PROBLEM REQUIREMENTS: Every entry below should appear in the answer exactly as written, apart from the pictures.

Excerpts from a dataset:
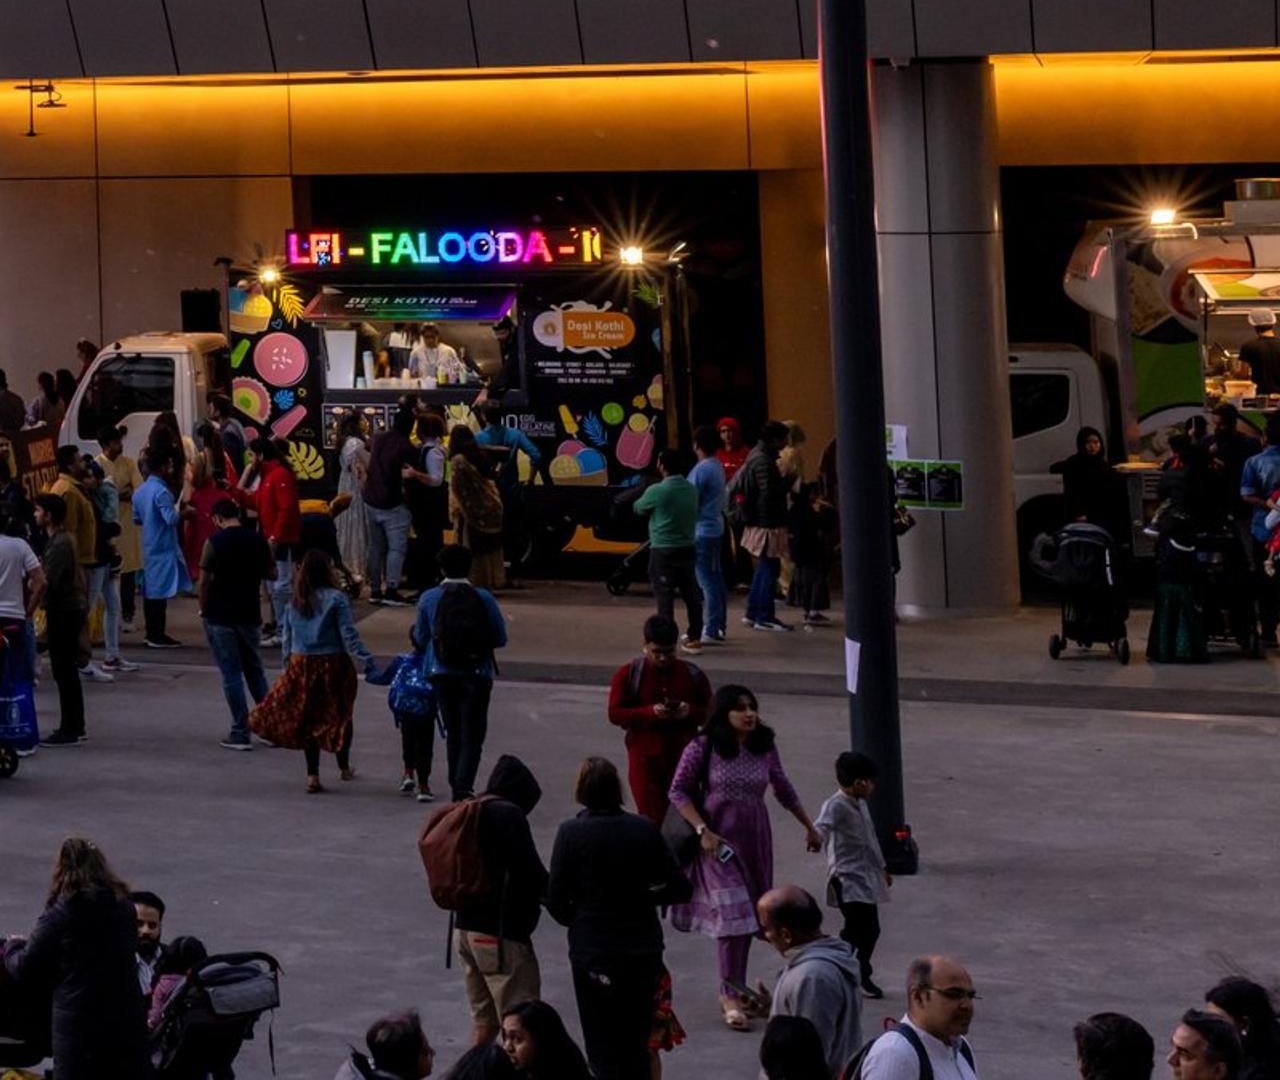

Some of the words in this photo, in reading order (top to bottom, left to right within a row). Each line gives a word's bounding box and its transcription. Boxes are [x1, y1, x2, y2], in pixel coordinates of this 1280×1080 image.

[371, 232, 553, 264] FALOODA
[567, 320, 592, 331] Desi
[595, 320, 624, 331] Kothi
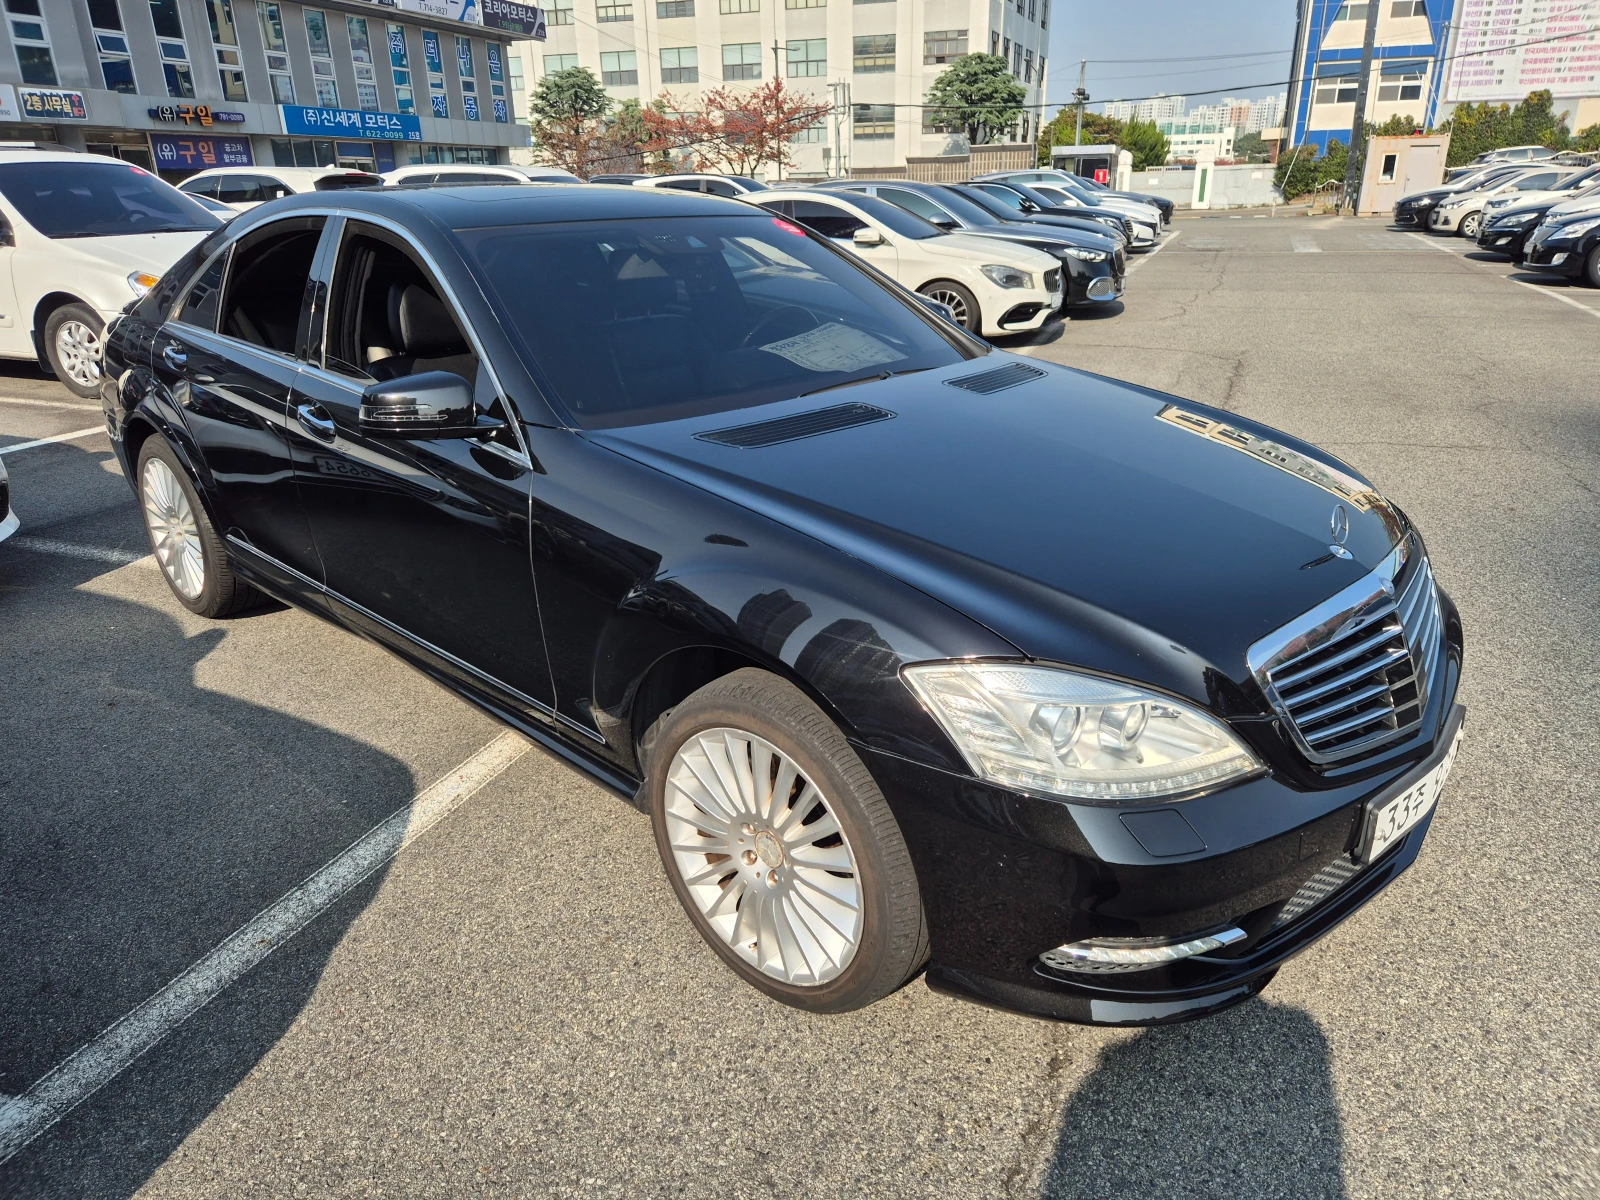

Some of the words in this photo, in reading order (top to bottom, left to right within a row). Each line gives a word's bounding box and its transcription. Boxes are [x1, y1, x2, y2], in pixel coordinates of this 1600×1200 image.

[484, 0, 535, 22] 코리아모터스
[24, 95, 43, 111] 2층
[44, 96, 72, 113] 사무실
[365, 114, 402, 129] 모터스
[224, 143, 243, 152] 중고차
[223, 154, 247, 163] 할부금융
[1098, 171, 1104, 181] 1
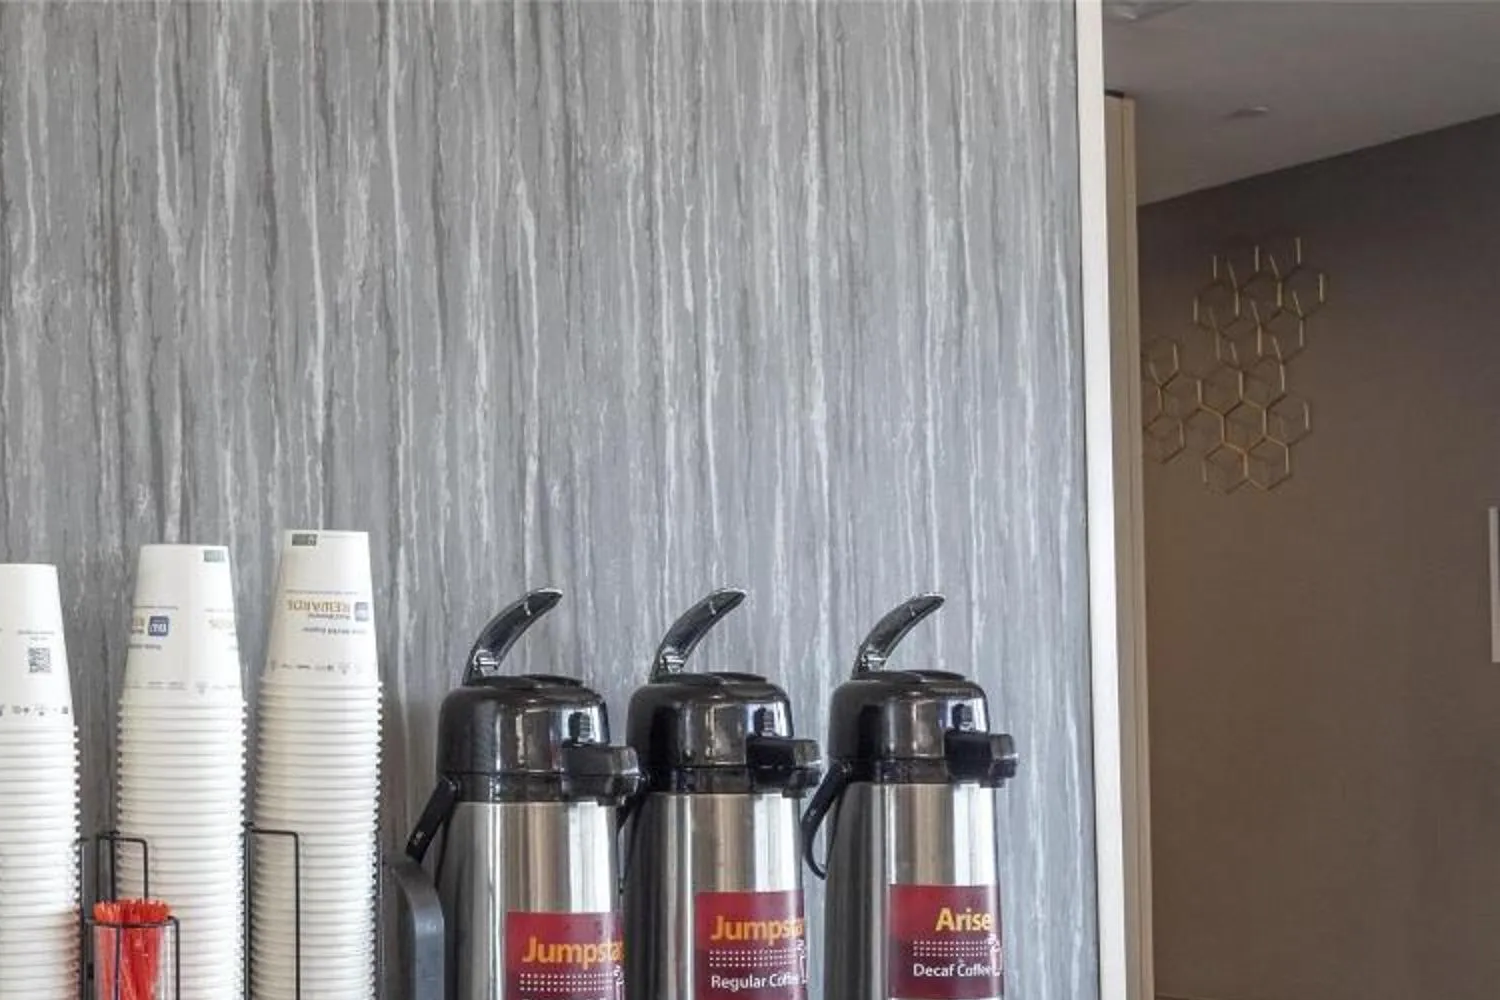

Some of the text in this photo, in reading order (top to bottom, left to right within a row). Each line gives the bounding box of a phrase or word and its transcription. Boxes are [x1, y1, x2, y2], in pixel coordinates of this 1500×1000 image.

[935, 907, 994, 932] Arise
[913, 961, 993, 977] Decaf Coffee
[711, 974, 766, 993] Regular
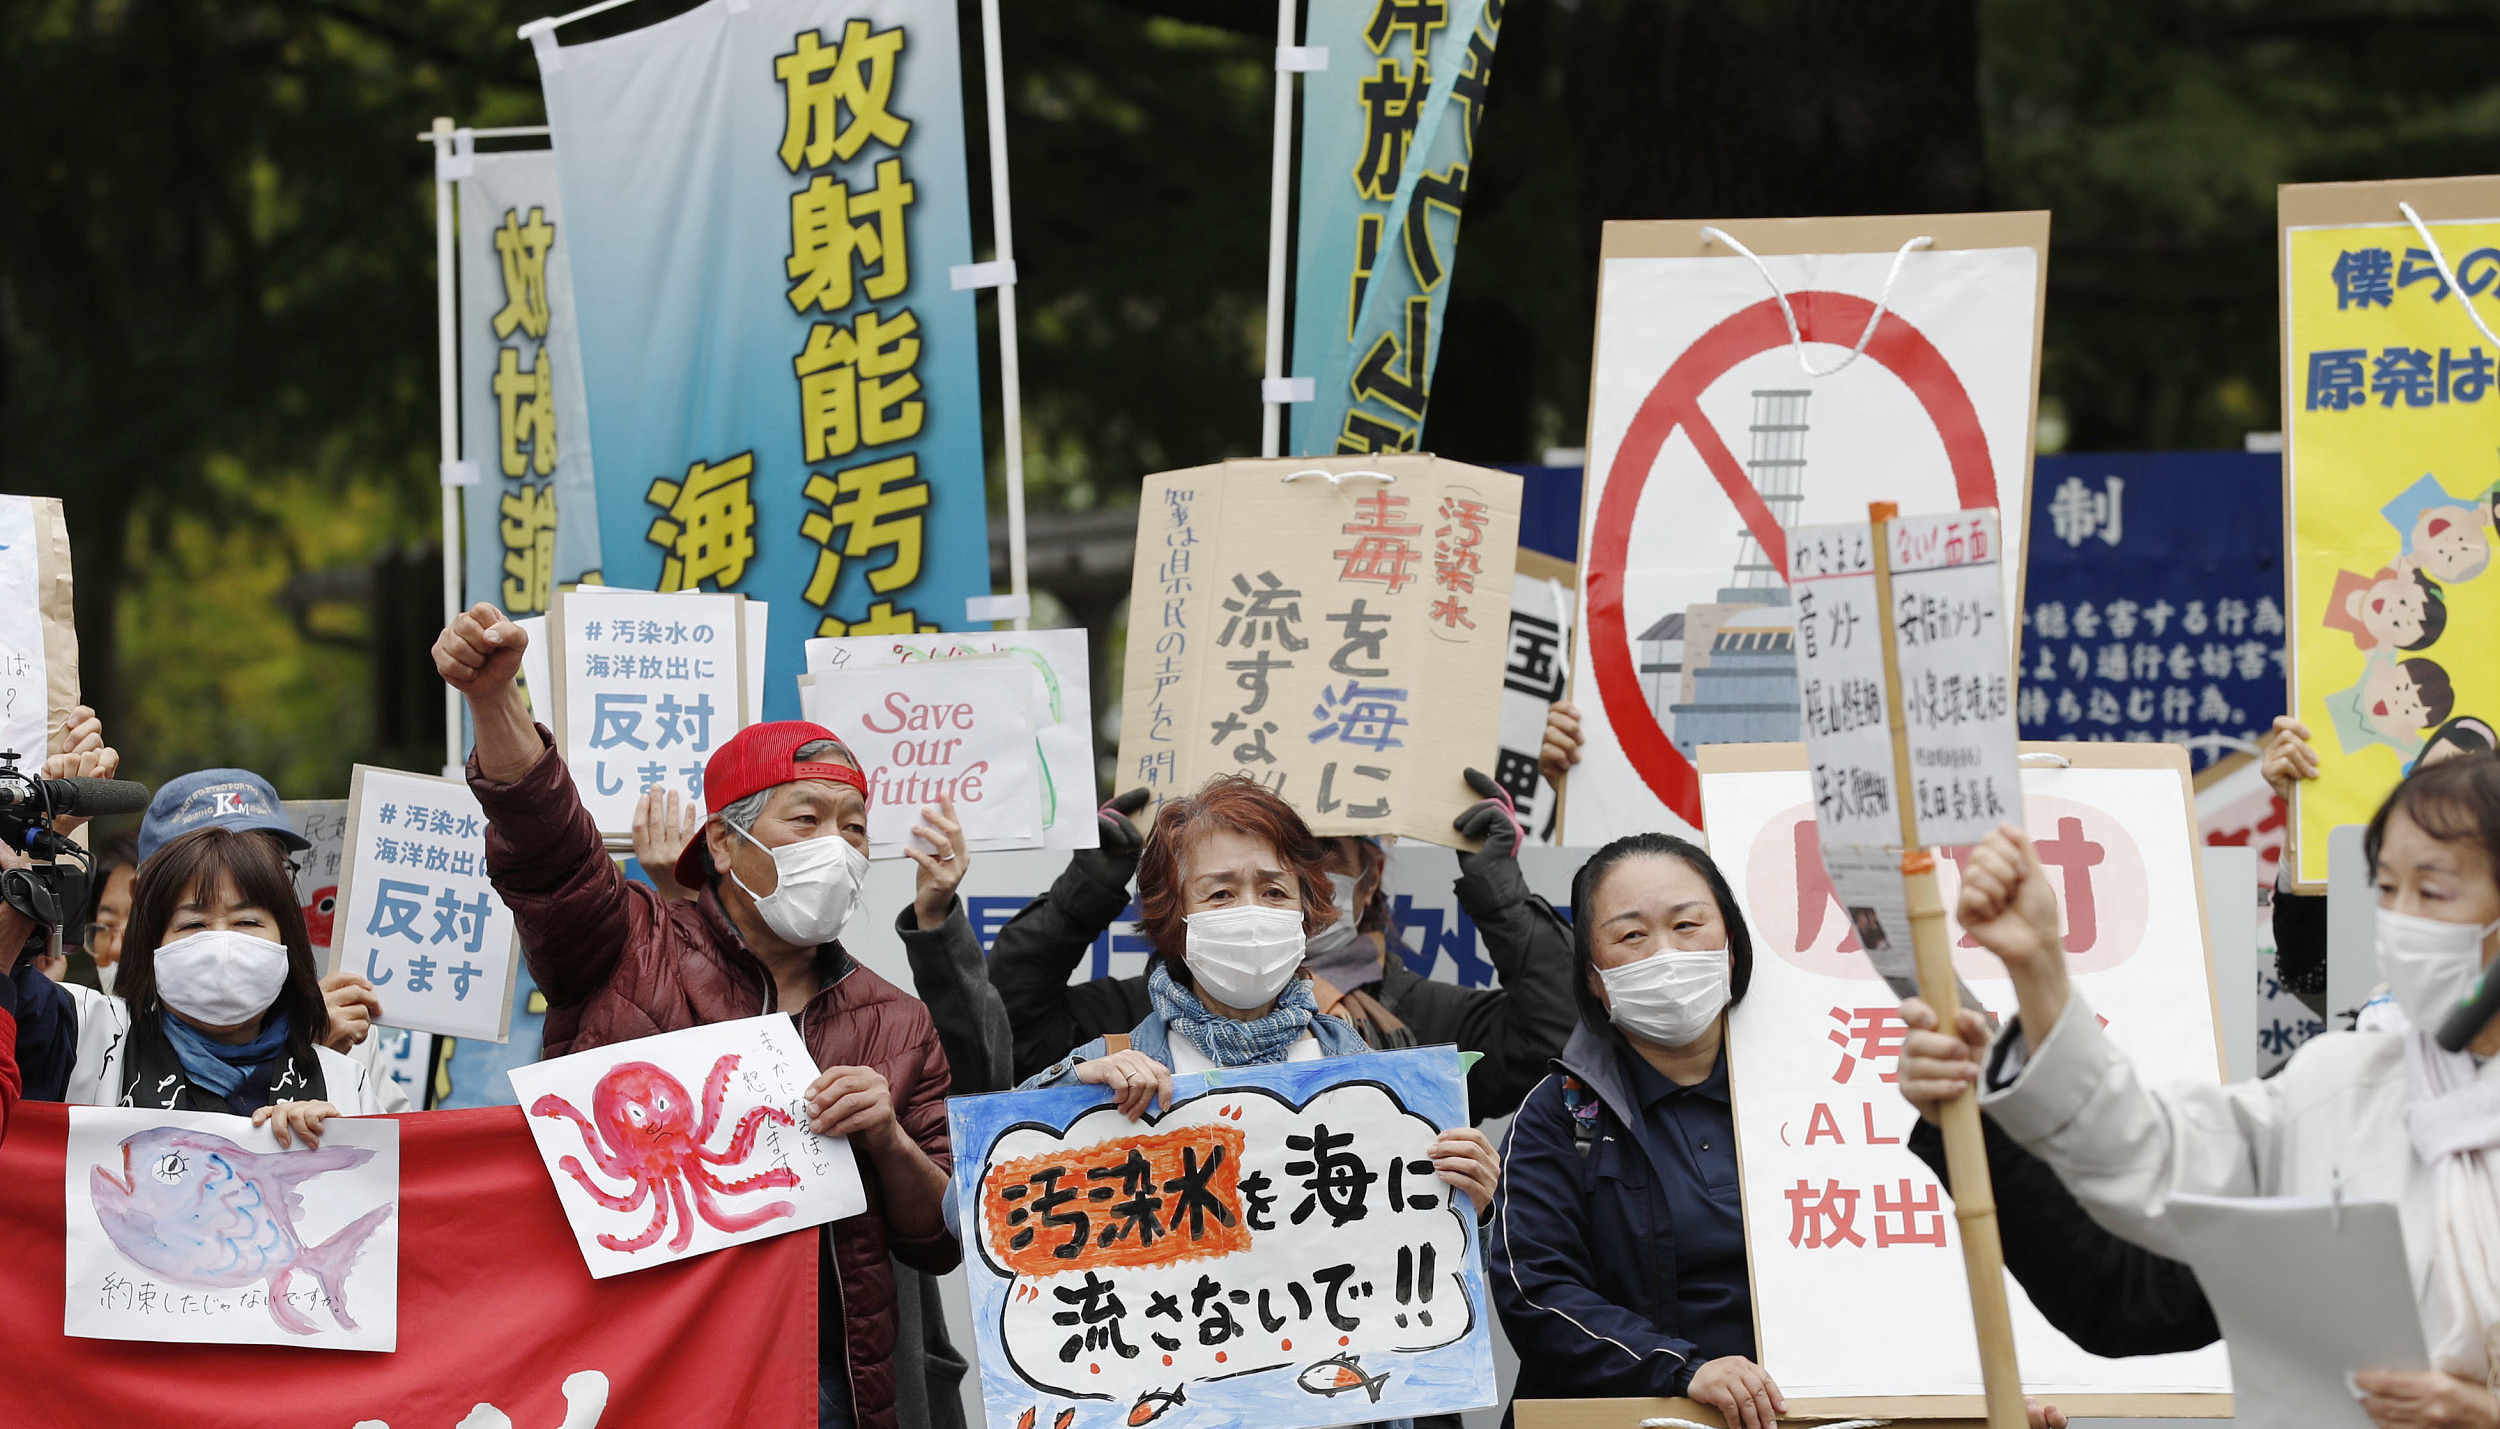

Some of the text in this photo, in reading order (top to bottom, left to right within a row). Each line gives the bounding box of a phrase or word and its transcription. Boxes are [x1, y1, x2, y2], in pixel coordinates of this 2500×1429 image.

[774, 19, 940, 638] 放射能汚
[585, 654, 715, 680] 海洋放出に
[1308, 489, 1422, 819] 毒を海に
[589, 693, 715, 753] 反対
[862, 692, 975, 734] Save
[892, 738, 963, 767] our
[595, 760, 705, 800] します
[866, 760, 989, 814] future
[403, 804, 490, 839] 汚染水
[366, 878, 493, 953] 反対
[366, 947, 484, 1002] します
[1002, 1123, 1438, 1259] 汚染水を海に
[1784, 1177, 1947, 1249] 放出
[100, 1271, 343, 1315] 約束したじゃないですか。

EXERCISE RESULT:
Some of the words in this photo, in reading order (top to bottom, left to right within a row). Each line gives a word's bounding box and its transcription. Boxes are [x1, y1, x2, y2], in pixel coordinates of this 1280×1080 image.

[371, 232, 553, 264] FALOODA
[567, 320, 592, 331] Desi
[595, 320, 624, 331] Kothi

Some of the words in this photo, in reading order (top to bottom, left to right within a row). Each line gives a word's bounding box and its transcription. Boxes are [x1, y1, x2, y2], in pixel coordinates of this 1600×1200 image.

[484, 0, 535, 22] 코리아모터스
[24, 95, 43, 111] 2층
[44, 96, 72, 113] 사무실
[365, 114, 402, 129] 모터스
[224, 143, 243, 152] 중고차
[223, 154, 247, 163] 할부금융
[1098, 171, 1104, 181] 1

Some of the text in this photo, in reading order (top to bottom, left to right within a row). Each line gives the bounding box of a phrase or word and its transcription. Boxes are [x1, y1, x2, y2], in pixel coordinates of this 1500×1000 image.

[935, 907, 994, 932] Arise
[913, 961, 993, 977] Decaf Coffee
[711, 974, 766, 993] Regular

Some of the text in this photo, in reading order (top to bottom, left to right within a row). Each line gives the bounding box of a phrase or word and its transcription. Boxes are [x1, y1, x2, y2], in pixel coordinates of this 2500×1429 image.

[774, 19, 940, 638] 放射能汚
[585, 654, 715, 680] 海洋放出に
[1308, 489, 1422, 819] 毒を海に
[589, 693, 715, 753] 反対
[862, 692, 975, 734] Save
[892, 738, 963, 767] our
[595, 760, 705, 800] します
[866, 760, 989, 814] future
[403, 804, 490, 839] 汚染水
[366, 878, 493, 953] 反対
[366, 947, 484, 1002] します
[1002, 1123, 1438, 1259] 汚染水を海に
[1784, 1177, 1947, 1249] 放出
[100, 1271, 343, 1315] 約束したじゃないですか。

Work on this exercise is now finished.